If we were in the middle of an emergency in the UK, as was the case in January and February, that might all make sense. But with cases, hospitalisations, and deaths driven down by social distancing rules and being kept that way by vaccinations, maintaining emergency measures seems inappropriate.
There have been just 81 deaths within 28 days of a positive test reported in the past week. Just one death was reported on Monday, although underreporting on bank holidays is normal. Overall, mortality from all causes for the past seven weeks has been lower than usual. Indeed, for the year to date, mortality is on a par with 2013, 2015, and 2018 – but nobody would have thought to impose emergency measures back then. There are 1,289 people in hospital with Covid, down from over 39,000 at the peak in January. The weekly infection survey by the Office for National Statistics suggests less than one in a thousand people in England (excluding care homes and hospitals) is currently infected.
Could the figures rise again, particularly if virus variants can evade the current vaccines? At present, the data shows that vaccinations are still very effective at providing protection, particularly against more serious illness, and even one dose of vaccine can significantly cut the risk of transmission. With two-thirds of adults having had at least one dose, and over 30% – the most vulnerable – having had two doses, the chances of a huge new wave of illness seems to be diminishing fast. Moreover, restricting overseas travel is no panacea. Perhaps the deadliest variant – B.1.1.7 – was home grown in England, the so-called ‘Kent variant’.
The UK government has done very well to date with some educated risk-taking. It bet big on buying a range of vaccines earlier than almost any other country. It pushed ahead with approving them quickly. It made the sensible decision to adopt a ‘first dose’ strategy to ensure as many people as possible got some protection as quickly as possible, even though most vaccinations at the moment are second doses.

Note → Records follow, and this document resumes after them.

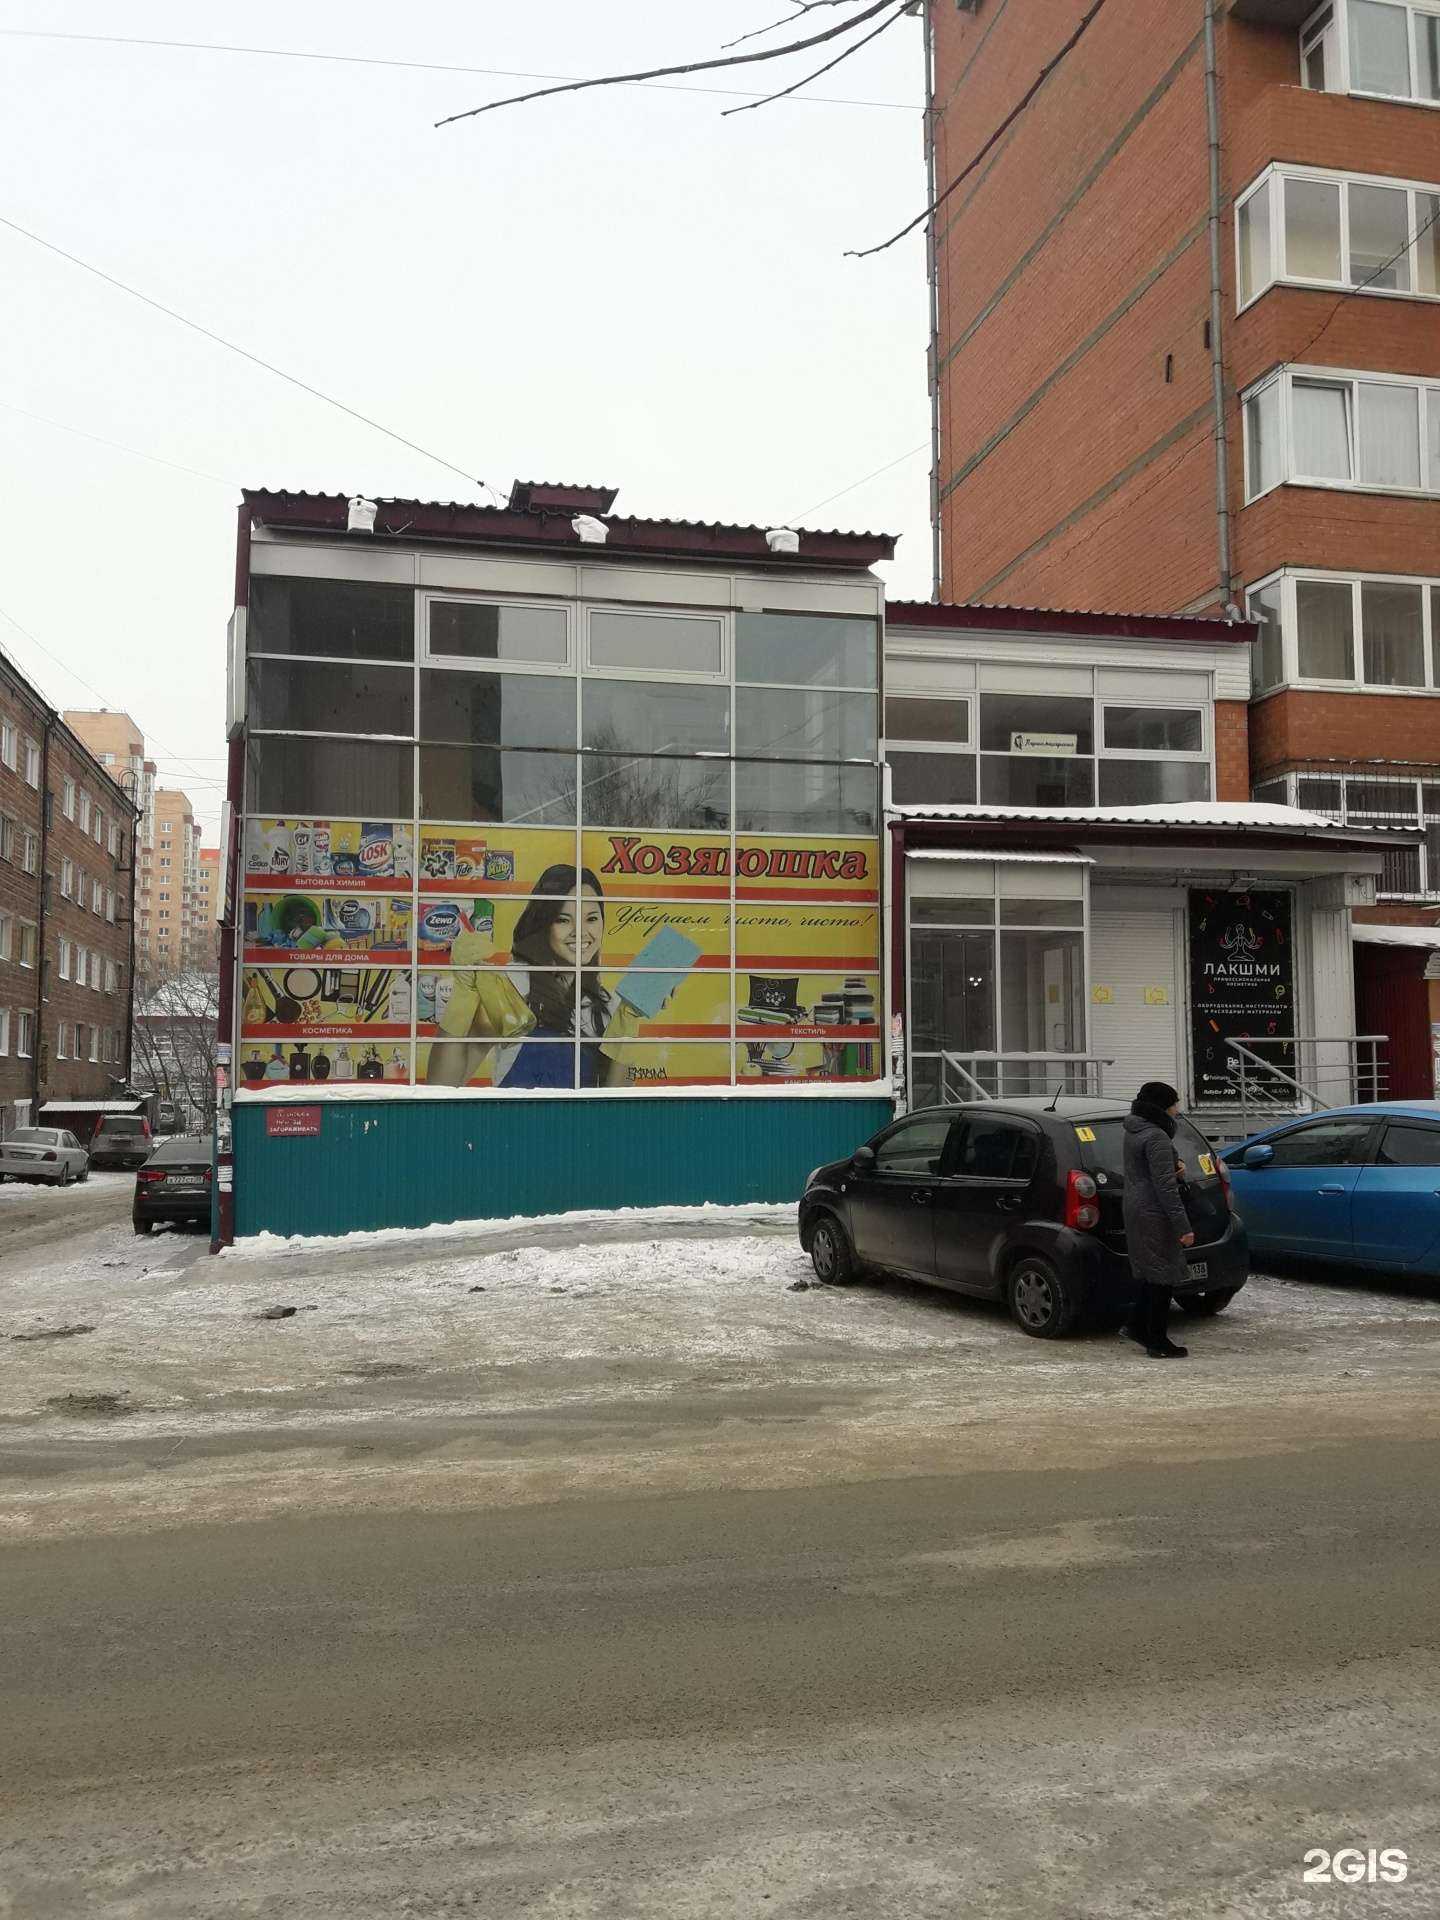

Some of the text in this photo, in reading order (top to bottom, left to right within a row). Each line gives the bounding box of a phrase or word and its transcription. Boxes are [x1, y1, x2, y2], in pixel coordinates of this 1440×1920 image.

[361, 843, 388, 862] LOSK
[601, 836, 868, 880] Хозяюшка
[295, 878, 366, 887] БЫТОВАЯ ХИМИЯ
[430, 915, 453, 925] Zewa
[608, 905, 710, 937] Убираем
[288, 953, 370, 962] ТОВАРЫ ДЛЯ ДОМА
[1203, 962, 1281, 976] ЛАКШМИ
[302, 1027, 353, 1035] КОСМЕТИКА
[790, 1027, 826, 1035] ТЕКСТИЛЬ
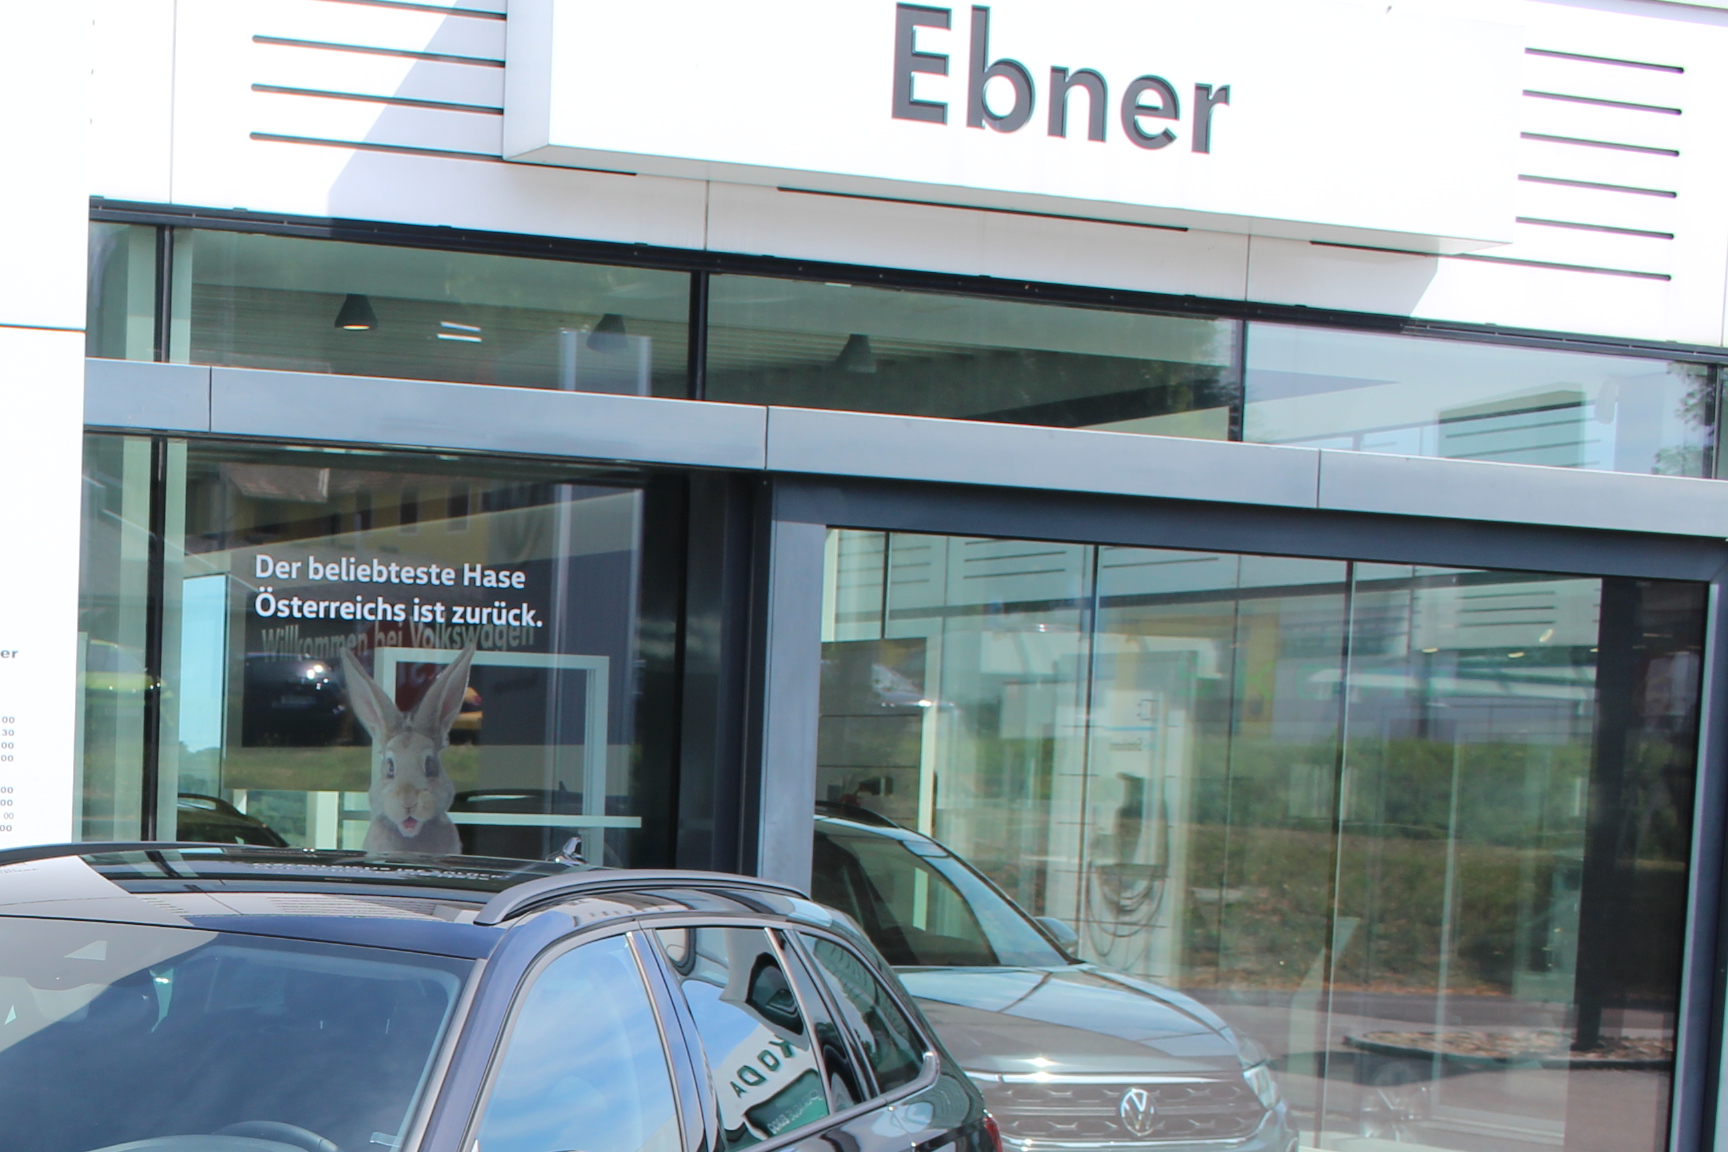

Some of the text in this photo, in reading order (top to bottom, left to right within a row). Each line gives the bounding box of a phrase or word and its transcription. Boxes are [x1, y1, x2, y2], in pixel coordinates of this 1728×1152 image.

[891, 2, 1231, 155] Ebner
[255, 554, 526, 589] Der beliebteste Hase
[255, 586, 543, 628] Österreichs ist zurück.
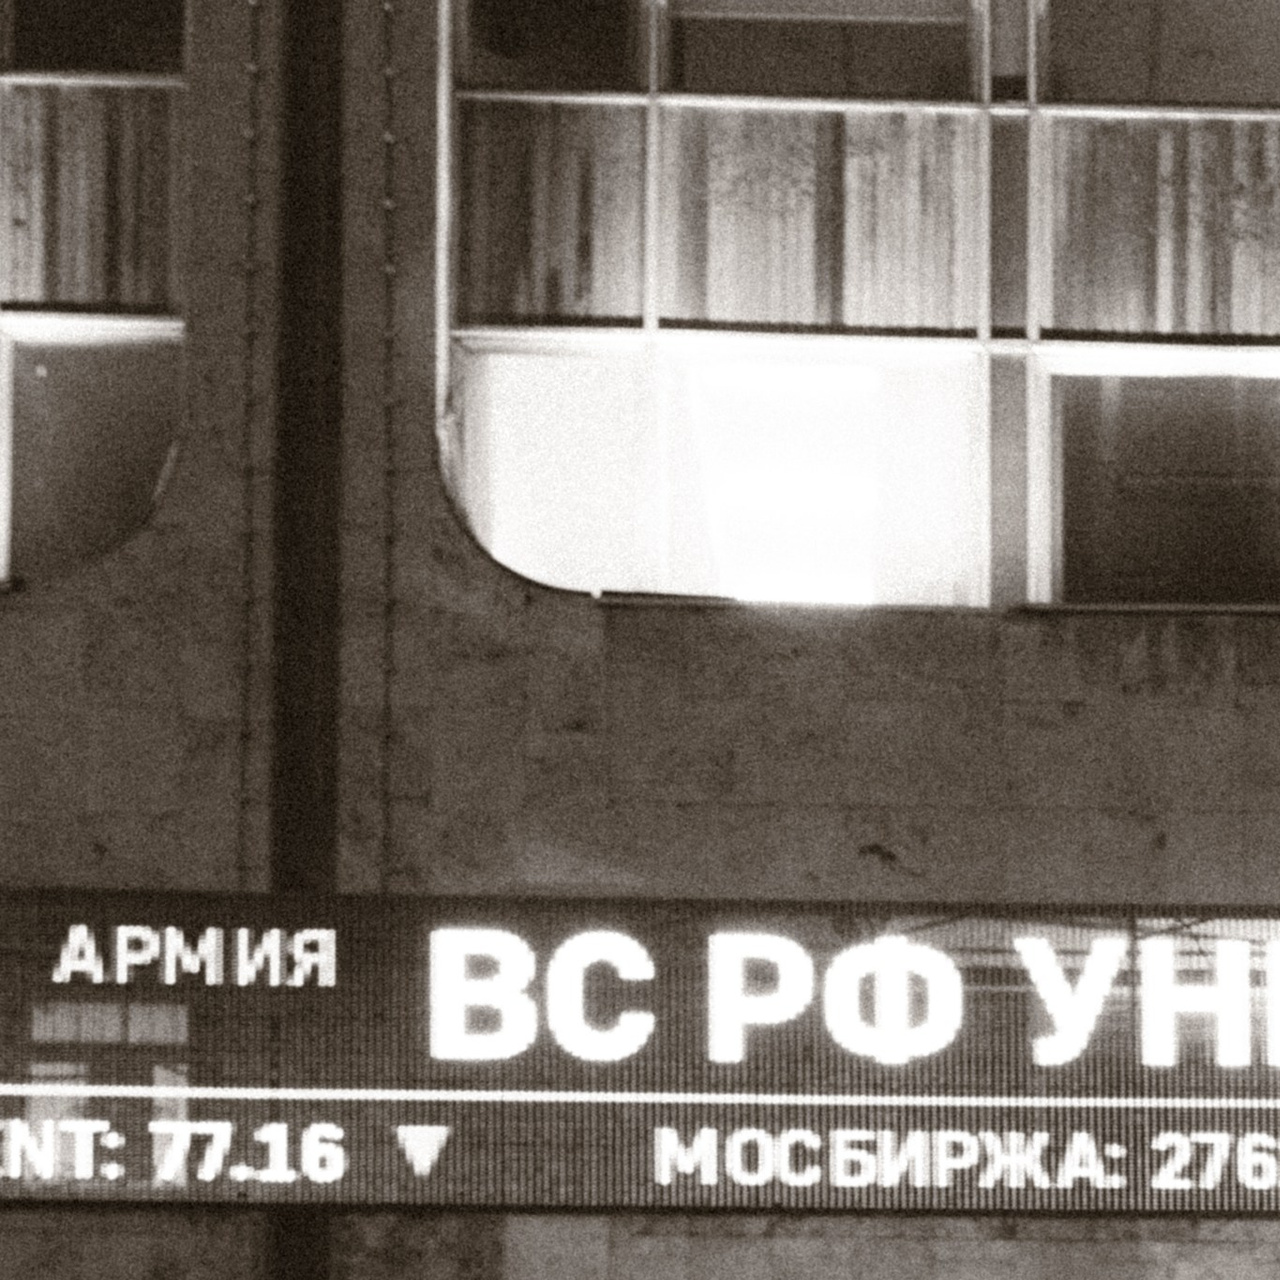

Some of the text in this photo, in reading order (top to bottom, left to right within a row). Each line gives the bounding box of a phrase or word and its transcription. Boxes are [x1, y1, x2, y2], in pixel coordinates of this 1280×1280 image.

[53, 925, 337, 988] АРМИЯ
[429, 925, 656, 1063] ВС
[707, 930, 964, 1067] РФ
[0, 1118, 347, 1184] NT: 77.16
[653, 1125, 1128, 1191] МОСБИРЖА:
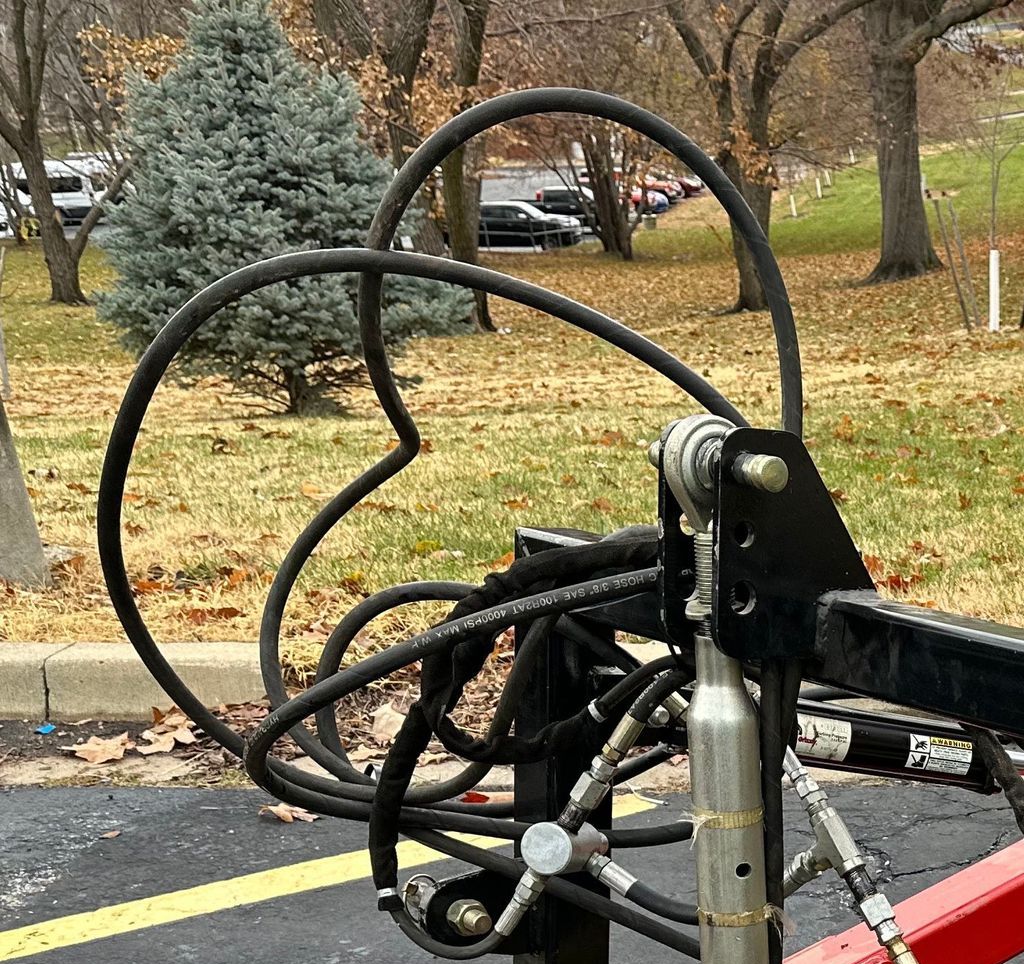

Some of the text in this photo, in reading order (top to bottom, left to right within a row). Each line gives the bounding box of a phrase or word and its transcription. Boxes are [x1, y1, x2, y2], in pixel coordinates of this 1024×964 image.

What we need now is a bit more risk-taking in other areas. The excessive caution on international travel not only hurts businesses and the wider economy, but it also keeps the rest of us from visiting family and friends overseas and deprives us of the opportunity to have a holiday in the sun – much needed after more than a year of having the dark Covid clouds hanging over us.
Nobody would suggest an immediate return to pre-pandemic normality when it comes to international travel. After three national lockdowns in England, it would be sensible to keep an eye on developments. Testing unvaccinated people seems sensible for now, but should be much cheaper and easier. Demanding tests from fully vaccinated people seems completely over the top.